Cette recension a été publiée dans le numéro d’hiver 2025 de Politique étrangère (n° 4/2025). François Gaulme propose ici une analyse de l’ouvrage de Marie-Emmanuelle Pommerolle, De la loyauté au Cameroun. Essai sur un ordre politique et ses crises (Karthala, 2024, 228 pages).

Le Cameroun, ce pays présenté parfois comme une réduction de l’Afrique, inspire les politologues dans le domaine conceptuel. Après « l’assimilation réciproque des élites » de Jean-François Bayart, le « néo-patrimonialisme » de Jean-François Médard, la « postcolonie » d’Achille Mbembe, Marie-Emmanuelle Pomerolle place la « loyauté » au centre de sa réflexion sur sa stabilité institutionnelle face à de multiples crises depuis l’indépendance.

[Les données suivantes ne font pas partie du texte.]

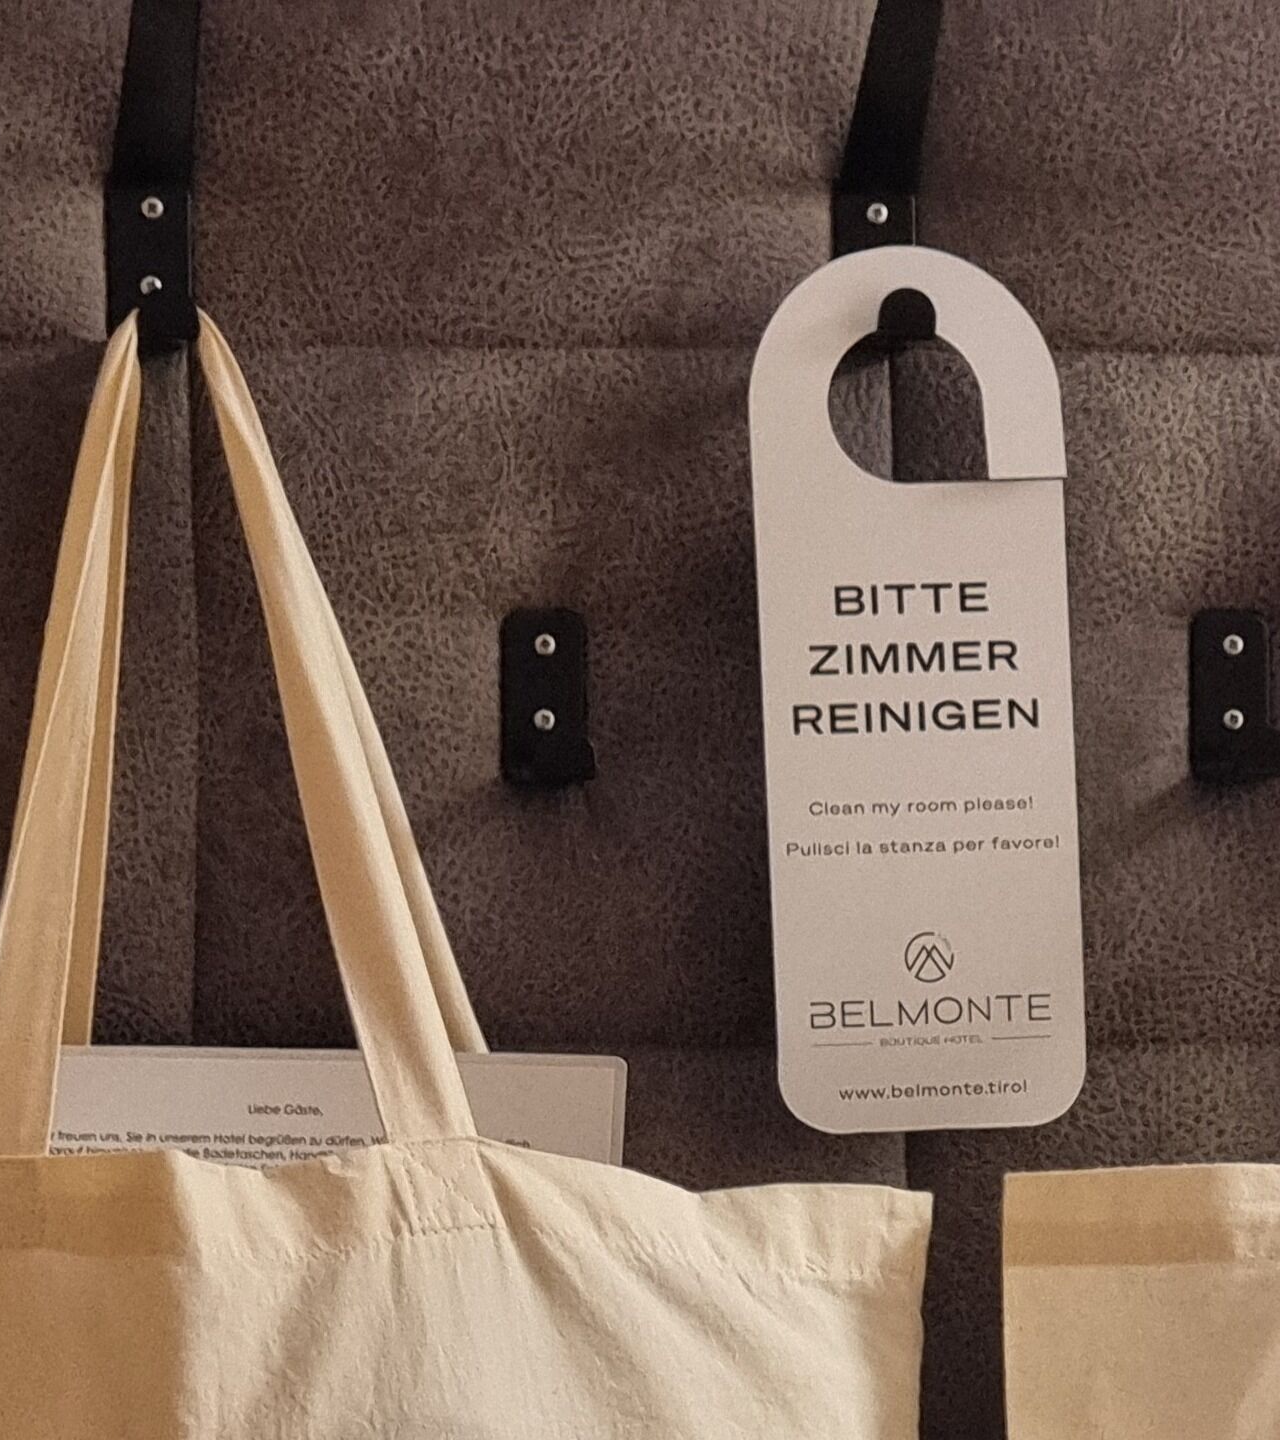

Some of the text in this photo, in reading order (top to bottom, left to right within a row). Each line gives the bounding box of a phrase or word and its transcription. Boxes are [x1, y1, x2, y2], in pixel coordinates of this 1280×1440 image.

[833, 581, 989, 616] BITTE
[809, 640, 1019, 676] ZIMMER
[792, 697, 1040, 735] REINIGEN
[808, 795, 1034, 817] Clean my room please!
[786, 835, 1061, 857] Pulisci la stanza per favore!
[809, 993, 1053, 1030] BELMONTE
[879, 1034, 984, 1047] BOUTIQUE HOTEL
[839, 1079, 1028, 1101] www.belmonte.tirol
[248, 1104, 281, 1115] Liebe
[126, 1131, 143, 1142] Sie
[213, 1133, 245, 1144] Hotel

Écrit pour des théoriciens des sciences sociales du politique, le livre, issu d’un mémoire d’habilitation à diriger des recherches, aborde des thématiques très diverses selon les chapitres, de la pratique électorale aux rapports avec l’ancienne puissance coloniale, en passant par la position des universitaires vis-à-vis de l’État. Il ne trouve de véritable fil conducteur que dans le maniement, avec une remarquable habileté conceptuelle, du terme de « loyauté ». Conçu comme un « outil d’analyse », ce terme permettrait, affirme l’auteure, de « faire la jonction » entre trois dimensions sociologiques demeurant fort éloignées les unes des autres : la « domination », la « participation » et le traitement « politique » des crises.
La « loyauté » est ici définie d’une manière assez large puisqu’elle s’applique aussi à ceux qui tolèrent le régime actuel sans adhérer formellement à son idéologie. En outre, le terme renvoie à une analyse politologique bien particulière : celle appliquée par Albert Hirschman en 1993 au fonctionnement du système de l’ancienne République démocratique allemande (RDA) avec sa trilogie exit-voice-loyalty, traduit ici par « défection-prise de parole-loyauté ». En insistant sur le troisième élément, Marie-Emmanuelle Pommerolle souligne cependant qu’en anglais loyalty, pour définir « une sorte particulière d’attachement à une organisation », n’a pas tout à fait la même signification que le français loyauté et « renvoie aussi bien à loyalisme qu’à loyauté ».
Ces préalables théoriques, qui orientent tout le livre, sont abordés en introduction dans une réflexion politologique générale portant sur les thèses de Hirschman, sans approche spécifiquement africaniste. Ce n’est qu’avec un premier chapitre sur les élections qu’est ensuite examinée en détail la « situation autoritaire » qui caractériserait le Cameroun, et dans laquelle l’auteure identifie des « pratiques » de « loyauté », qu’elle a relevées notamment dans des positions personnelles d’« observation participante » de type anthropologique, durant les processus électoraux ou au cours de certaines cérémonies officielles par exemple.
Il résulte de cet examen à la fois théorique et factuel que la loyauté envers l’État central camerounais et son idéologie officielle n’est nullement acquise, ne va nullement de soi dans des situations de crise. Le cœur de cette démonstration se trouve dans les développements du chapitre 5, consacré à la rébellion sécessionniste toujours en cours au Cameroun anglophone. Les violences, comme les « loyautés », y sont « contradictoires », allant même jusqu’à ce qui est qualifié de « radicalisation des loyautés » avec le temps. C’est beaucoup moins le cas pour les « variations intellectuelles et populaires de l’anti-impérialisme » d’un chapitre précédent, formules conceptuelles regroupant assez mal des thématiques allant de Boko Haram à l’homophobie.